Low Vitamin B12 and Leptin: Link to Metabolic Risk in Next Generation?

Becky McCall

November 17, 2016

Vitamin B12 deficiency during pregnancy may predispose children to metabolic problems such as type 2 diabetes in the future, suggests new research presented at the recent UK Society for Endocrinology Annual Conference in Brighton.

Specifically, the researchers found that babies born to mothers with B12 deficiency had higher-than-normal leptin levels. This suggests that maternal B12 deficiency can adversely program the leptin gene, changing the levels at which the hormone is produced while the fetus grows.

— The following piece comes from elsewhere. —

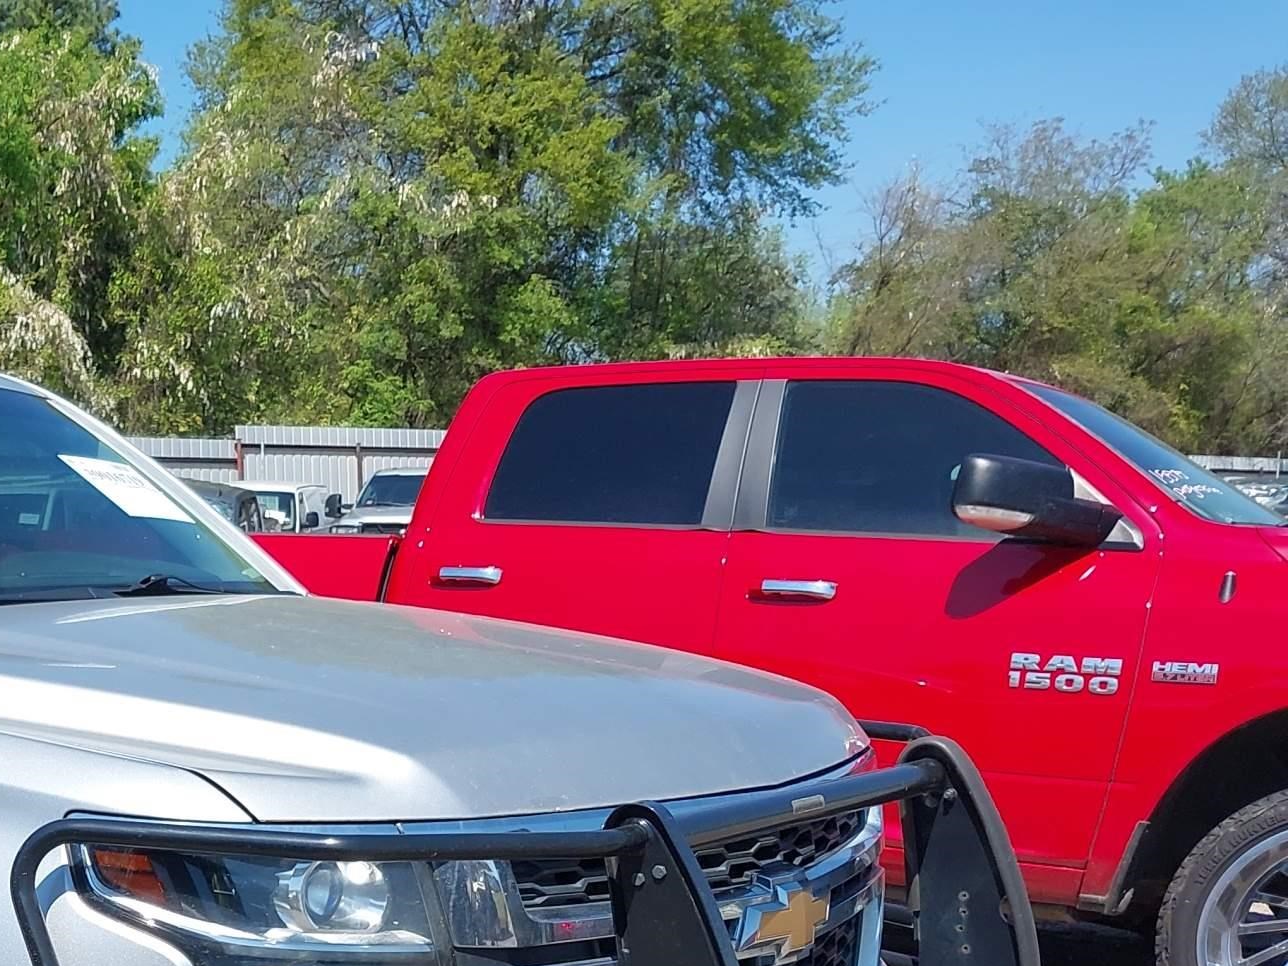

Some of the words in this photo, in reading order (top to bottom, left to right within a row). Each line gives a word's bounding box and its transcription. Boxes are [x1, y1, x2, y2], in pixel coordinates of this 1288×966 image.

Leptin is the hormone that signals satiety after eating, and high levels have previously been found in obese people. This can eventually result in leptin resistance, continued overeating, and an increased risk of insulin resistance, which can in turn lead to type 2 diabetes.

"This is the first time that maternal B12 has been linked to leptin, a metabolic risk factor, which is either derived from the placenta or the fetus's own fat cells," senior author Ponusammy Saravanan, PhD, FRCP, associate clinical professor at the University of Warwick, United Kingdom, told Medscape Medical News.

The work highlights the importance of mothers obtaining the right nutrients both before and during pregnancy, he stressed.

"The nutritional environment provided by the mother can permanently program the baby's health," said Dr Saravanan. "We know that children born to under- or overnourished mothers are at an increased risk of health problems such as type 2 diabetes, and we also see that maternal B12 deficiency may affect fat metabolism and contribute to this risk. This is why we decided to investigate leptin, the fat-cell hormone."

B12 Deficiency and High BMI

Vitamin B12 is naturally found in animal products, including fish, meat, poultry, eggs, and milk, meaning deficiency is more likely in those following a vegan diet.

The link between B12 and potential metabolic disease risk is not fully established, but prior studies strongly suggest an association exists.

Previous work by Dr Saravanan and others has shown that maternal B12 deficiency at 28 weeks of pregnancy was linked to insulin resistance in the offspring and that mothers with low B12 levels had a higher body mass index (BMI) and were more likely to have low-birth-weight babies and/or high cholesterol levels.

The incidence of gestational diabetes has also been found to double in mothers with low B12 levels.

The current study led by Dr Saravanan used data from the United Kingdom, where around 12% of women of child-bearing age have been found to be B12 deficient; furthermore, during pregnancy around 20% to 30% of women there are thought to suffer from B12 deficiency.

The researchers hypothesized that maternal B12 levels "set" leptin levels in utero, and therefore they investigated the association between maternal B12 levels and leptin in maternal adipose tissue, placental tissue, and umbilical-cord blood.

The study comprised a cohort of 91 mother/baby pairs — all deliveries were by cesarean section.

Adipocytes and fasting maternal venous and cord-blood samples were taken from mother and baby in each case, as well as adipose tissue from 42 mothers and placental tissue from 83 newborns at delivery.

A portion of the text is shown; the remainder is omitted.